■ DATASET:
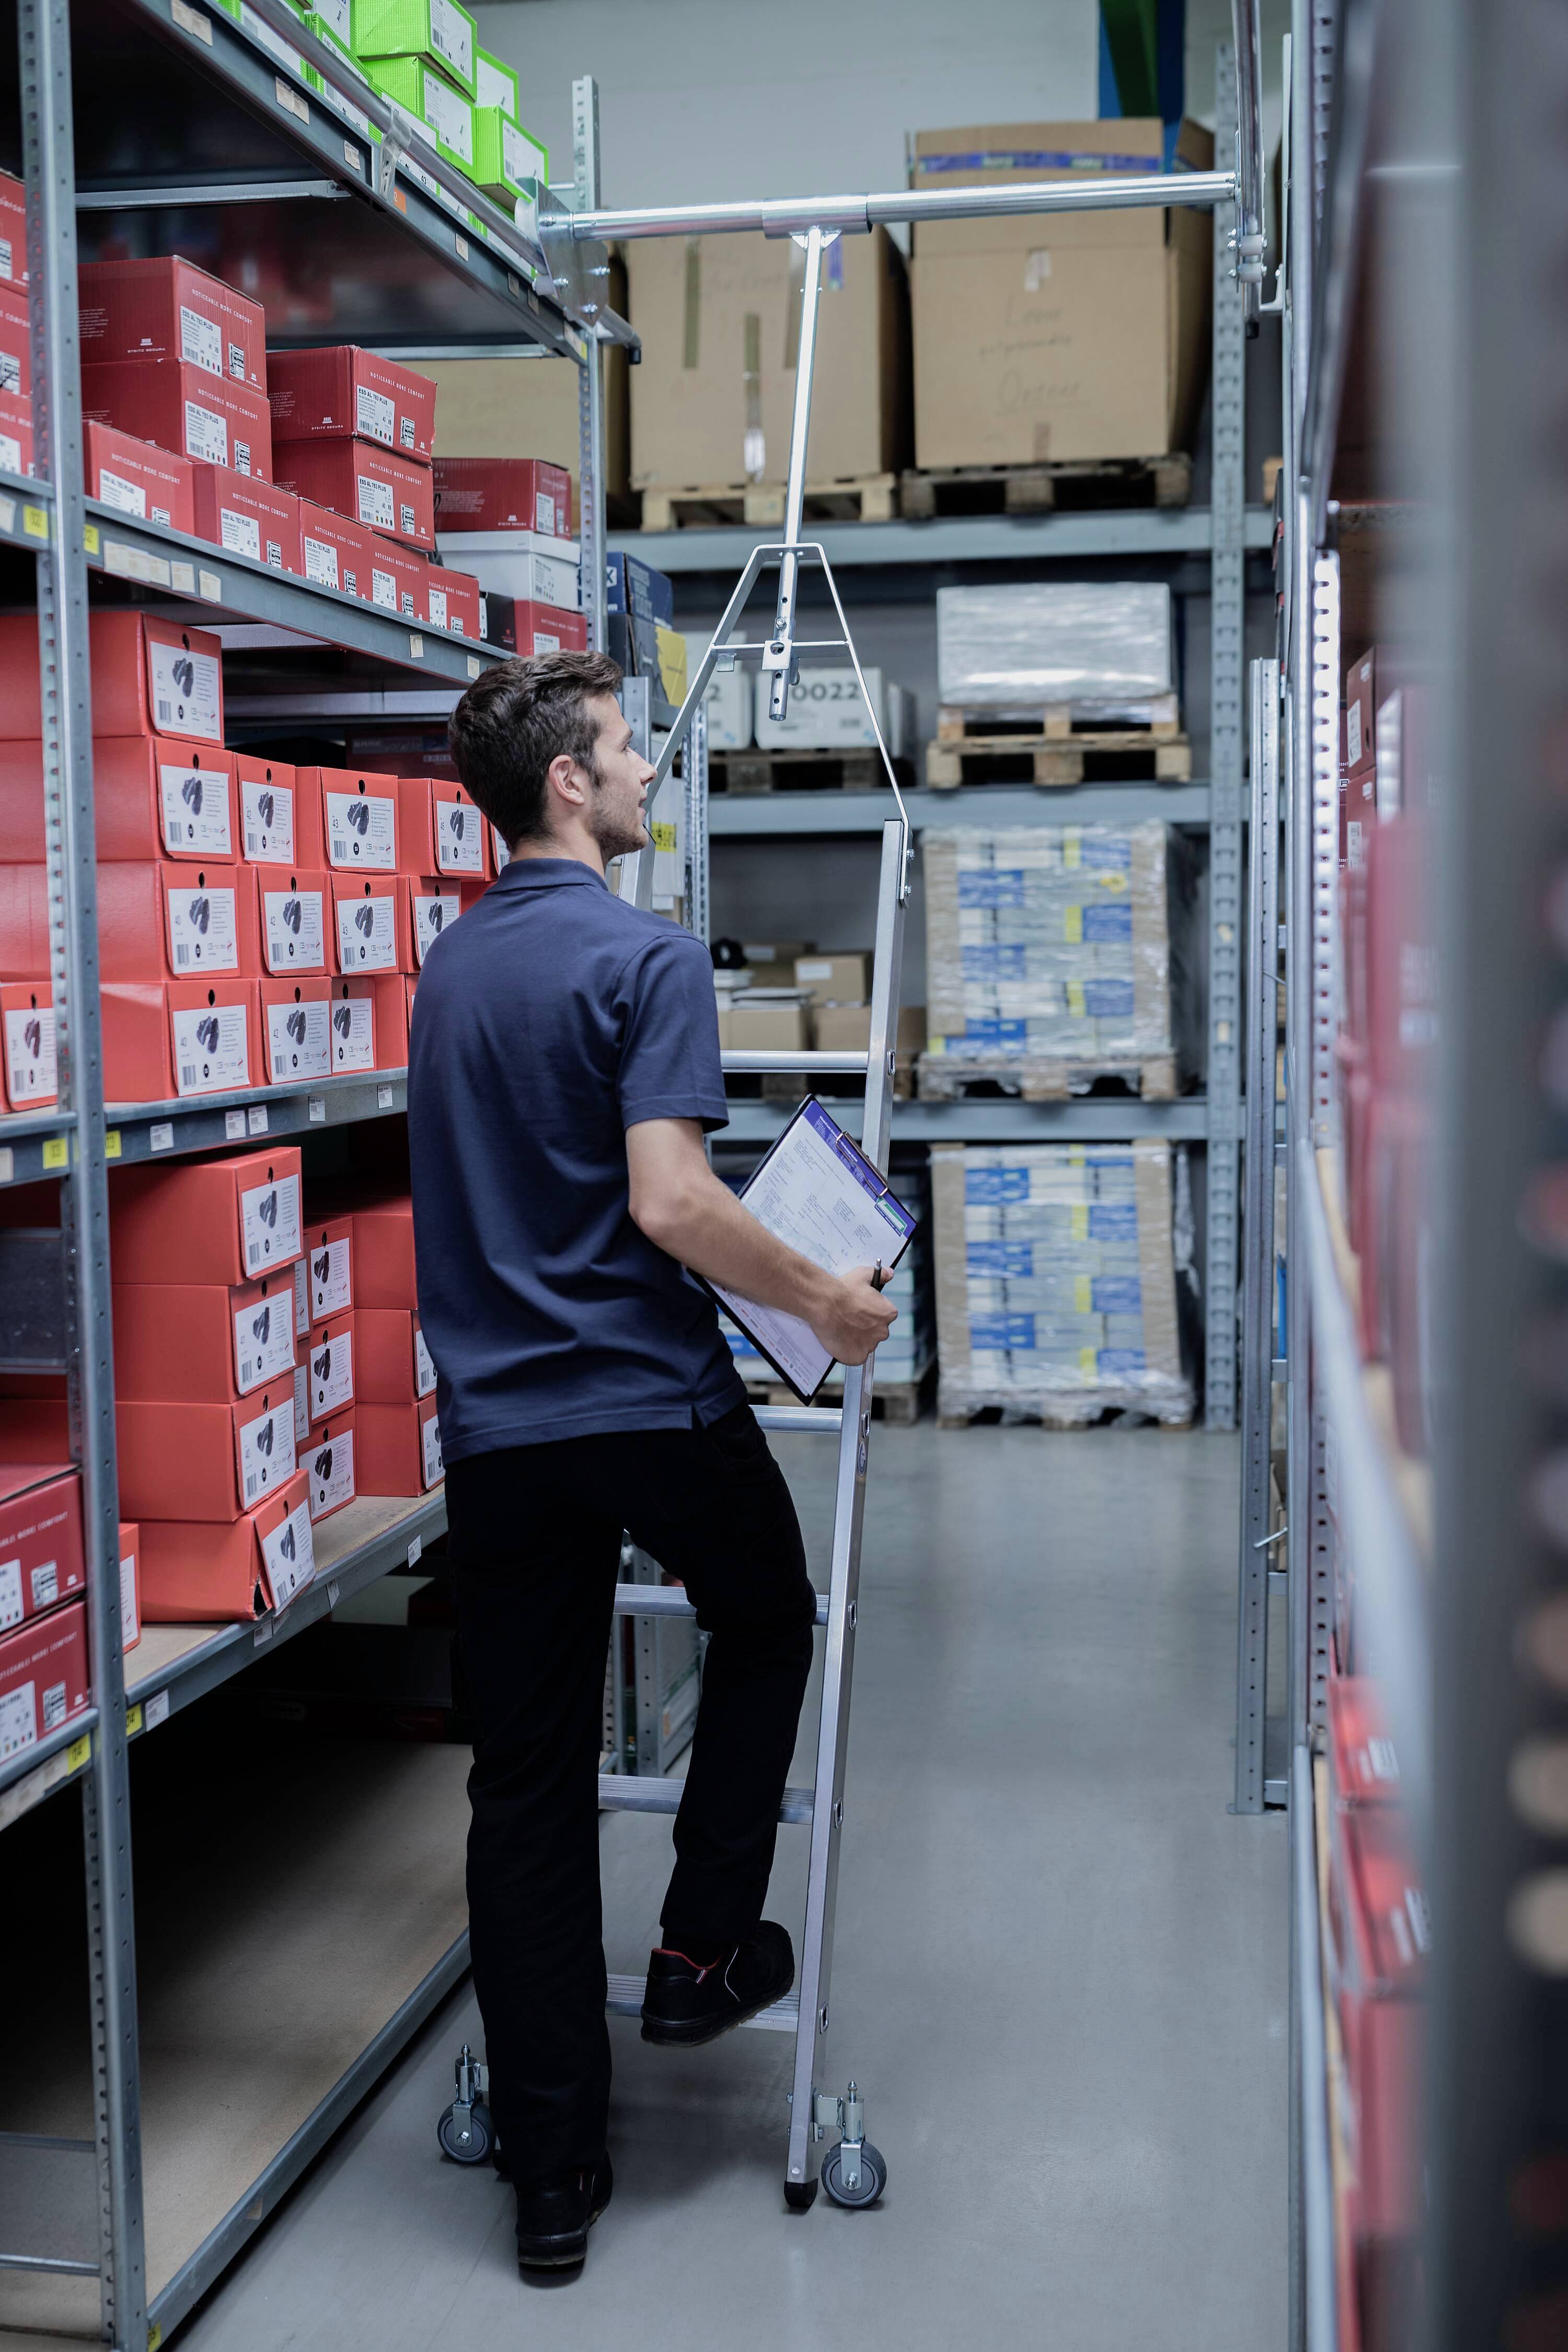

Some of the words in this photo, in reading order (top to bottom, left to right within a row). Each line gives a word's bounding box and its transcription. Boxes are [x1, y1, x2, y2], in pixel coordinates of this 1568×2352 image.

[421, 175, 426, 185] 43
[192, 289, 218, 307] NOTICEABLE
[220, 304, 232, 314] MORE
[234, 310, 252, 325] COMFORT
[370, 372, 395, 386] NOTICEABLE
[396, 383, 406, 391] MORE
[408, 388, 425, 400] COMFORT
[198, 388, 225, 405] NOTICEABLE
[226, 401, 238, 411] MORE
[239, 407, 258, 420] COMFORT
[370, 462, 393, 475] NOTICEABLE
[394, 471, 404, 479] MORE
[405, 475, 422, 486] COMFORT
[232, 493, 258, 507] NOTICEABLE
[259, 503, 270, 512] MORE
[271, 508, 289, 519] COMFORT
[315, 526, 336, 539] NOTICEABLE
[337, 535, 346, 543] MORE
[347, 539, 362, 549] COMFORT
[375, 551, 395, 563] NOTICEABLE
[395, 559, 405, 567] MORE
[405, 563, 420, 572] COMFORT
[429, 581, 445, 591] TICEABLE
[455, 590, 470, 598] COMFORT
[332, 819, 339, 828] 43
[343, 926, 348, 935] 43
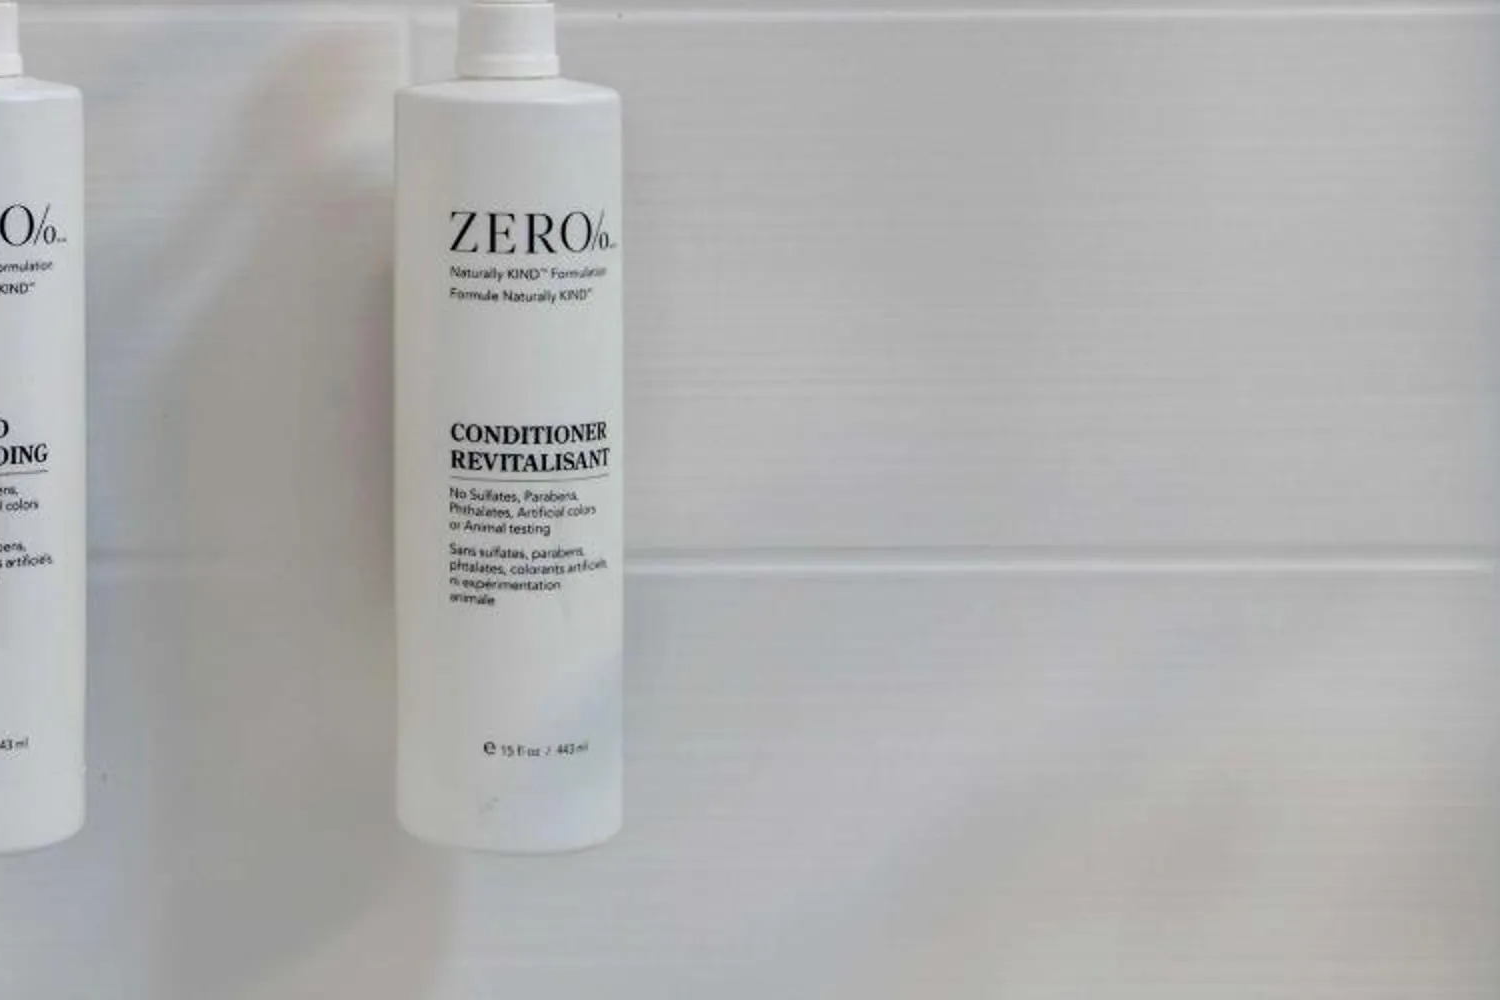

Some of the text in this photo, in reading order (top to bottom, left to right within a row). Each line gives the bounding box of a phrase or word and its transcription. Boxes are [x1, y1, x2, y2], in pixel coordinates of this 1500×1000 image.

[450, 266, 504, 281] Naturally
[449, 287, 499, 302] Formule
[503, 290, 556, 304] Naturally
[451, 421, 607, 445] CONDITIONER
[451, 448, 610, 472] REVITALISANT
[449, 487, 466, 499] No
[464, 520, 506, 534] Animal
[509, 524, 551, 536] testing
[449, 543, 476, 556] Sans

■ WORK TO COMPLETE:
Word for word, set down every line of the records above, and leave the pictures out.

■ REPLY TO THE EXERCISE:
Some of the words in this photo, in reading order (top to bottom, left to right within a row). Each line gives a word's bounding box and its transcription. Boxes are [x1, y1, x2, y2], in pixel coordinates of this 1568×2352 image.

[421, 175, 426, 185] 43
[192, 289, 218, 307] NOTICEABLE
[220, 304, 232, 314] MORE
[234, 310, 252, 325] COMFORT
[370, 372, 395, 386] NOTICEABLE
[396, 383, 406, 391] MORE
[408, 388, 425, 400] COMFORT
[198, 388, 225, 405] NOTICEABLE
[226, 401, 238, 411] MORE
[239, 407, 258, 420] COMFORT
[370, 462, 393, 475] NOTICEABLE
[394, 471, 404, 479] MORE
[405, 475, 422, 486] COMFORT
[232, 493, 258, 507] NOTICEABLE
[259, 503, 270, 512] MORE
[271, 508, 289, 519] COMFORT
[315, 526, 336, 539] NOTICEABLE
[337, 535, 346, 543] MORE
[347, 539, 362, 549] COMFORT
[375, 551, 395, 563] NOTICEABLE
[395, 559, 405, 567] MORE
[405, 563, 420, 572] COMFORT
[429, 581, 445, 591] TICEABLE
[455, 590, 470, 598] COMFORT
[332, 819, 339, 828] 43
[343, 926, 348, 935] 43

Some of the text in this photo, in reading order (top to bottom, left to right within a row). Each line gives the bounding box of a phrase or word and its transcription. Boxes are [x1, y1, x2, y2], in pixel coordinates of this 1500×1000 image.

[450, 266, 504, 281] Naturally
[449, 287, 499, 302] Formule
[503, 290, 556, 304] Naturally
[451, 421, 607, 445] CONDITIONER
[451, 448, 610, 472] REVITALISANT
[449, 487, 466, 499] No
[464, 520, 506, 534] Animal
[509, 524, 551, 536] testing
[449, 543, 476, 556] Sans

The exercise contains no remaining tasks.